Além do extenso percurso em si, passando pelo monte Kilimanjaro, Barbosa também incorpora ao elenco pessoas comuns com as quais Gabriel teve contato durante sua viagem, trabalhando com atores profissionais em apenas dois papeis principais – Gabriel Buchmann (João Pedro Zappa) e Cristina Reis (Caroline Abras) –, além de Manuela Picq numa pequena participação fazendo o papel da montanhista inglesa Nadia, última pessoa a estar com Gabriel vivo.
Apesar do próprio Barbosa reconhecer que “não dá para dissociar” a viagem de Gabriel da que foi feita para realizar a filmagem, a bem-sucedida epopeia da equipe –uma grande aventura em si mesma com forte conotação mística – não é incluída no filme. Uma pena! A exclusão impede o espectador desavisado de conhecer um aspecto fundamental do projeto. Mesmo sendo realizado “em memória de Gabriel Buchmann”, conforme indica a dedicatória nos créditos de abertura, Gabriel e a Montanha é muito mais do que uma simples homenagem. “Fazer o filme foi uma maneira de reencontrar o amigo morto, de estender a mão para ajudar Gabriel e de lidar com sua perda”, declarou Barbosa.
Talvez haja, também, envolvido no projeto, um componente da culpa que acomete o sobrevivente. Por que ele, e não eu, Barbosa terá se perguntado em algum momento? Filmar Gabriel e a Montanha seria uma tentativa de se desculpar por não ter feito a viagem com ele e, talvez, moderado o voluntarismo que o levou à morte?
Embora compreensível, e digno de respeito, o recato de Barbosa, mantendo-se nos bastidores, frustra a possibilidade de acesso a essa outra esfera que passa a integrar a história de Buchmann – o empenho de Barbosa em reviver e registrar a viagem final do amigo, mesmo consciente de estar se expondo, e à sua equipe, a riscos que poderiam ser fatais. Preocupado para que todos voltassem bem para o Brasil, avisou que “o dia do ataque pro pico [do Kilimanjaro], em que a gente vai de 4 700 para 5 895 [metros], de madrugada, num frio de menos quinze a menos vinte [graus]” seria “o dia mais duro da vida deles”.
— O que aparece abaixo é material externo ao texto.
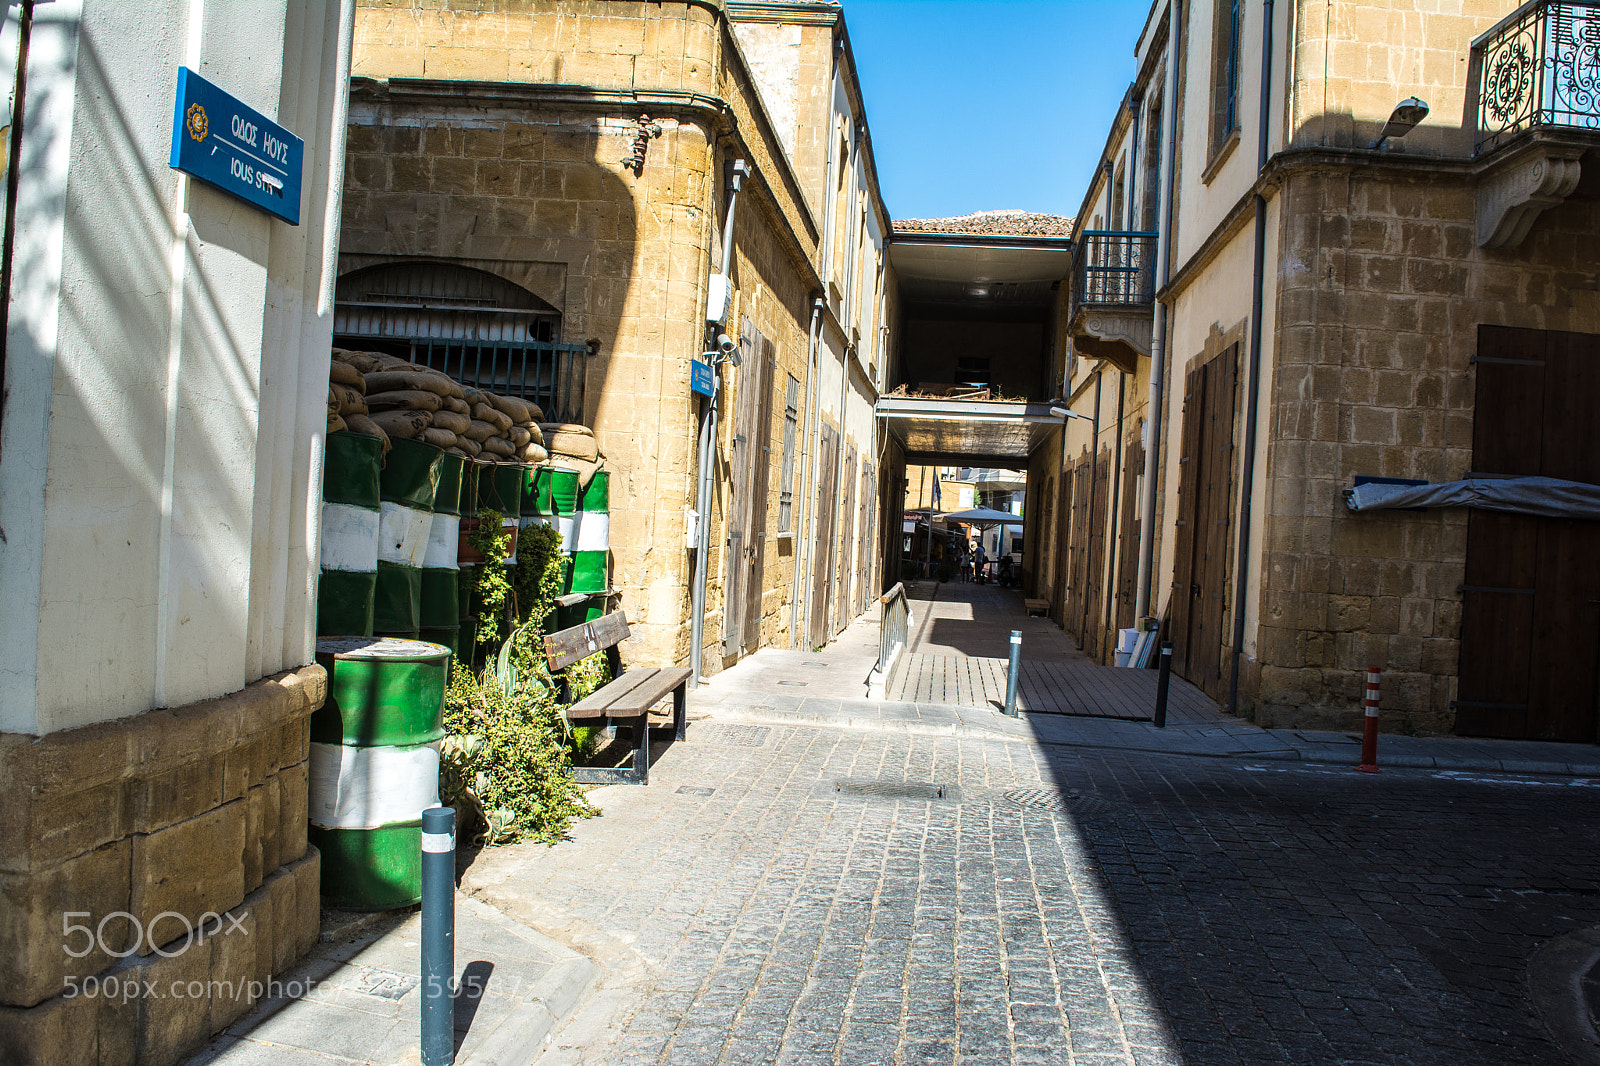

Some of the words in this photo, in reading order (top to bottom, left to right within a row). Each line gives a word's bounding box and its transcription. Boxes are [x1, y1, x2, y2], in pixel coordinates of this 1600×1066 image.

[231, 114, 258, 148] ΟΔΟΣ
[263, 131, 288, 165] ΗΟΥΣ
[230, 157, 254, 185] IOUS
O desafio a vencer na filmagem não é apenas de resistência física e psicológica, superando altitudes, distâncias e condições de trabalho adversas. É também o de integrar homens comuns à reencenação e de conseguir harmonizar atores não-profissionais com profissionais, assim como eventos ocorridos com outros menos documentais. De maneira geral, Gabriel e a Montanha supera essas dificuldades com galhardia, embora talvez pudesse ter estendido os depoimentos sobre Gabriel, fortalecendo no espectador a impressão de que ele deixou naqueles com quem conviveu em sua jornada africana.
As árduas condições da filmagem devem ser responsáveis por certa heterogeneidade de estilo, variando entre planos feitos com rapidez e tomada única – no alto dos montes, por exemplo –, e a sofisticada encenação do plano-sequência de abertura. A cena talvez possa ser chamada de minimalista, dada sua simplicidade. A ação se resume a dois homens que se deslocam devagar enquanto ceifam capim na encosta do monte Mulanje e acabam encontrando o corpo do homem branco. Gabriel e a Montanha parte desse momento em que o imperativo do real se impôs, e foi preciso aceitar a realidade de que não havia mais esperança de Gabriel ser encontrado vivo.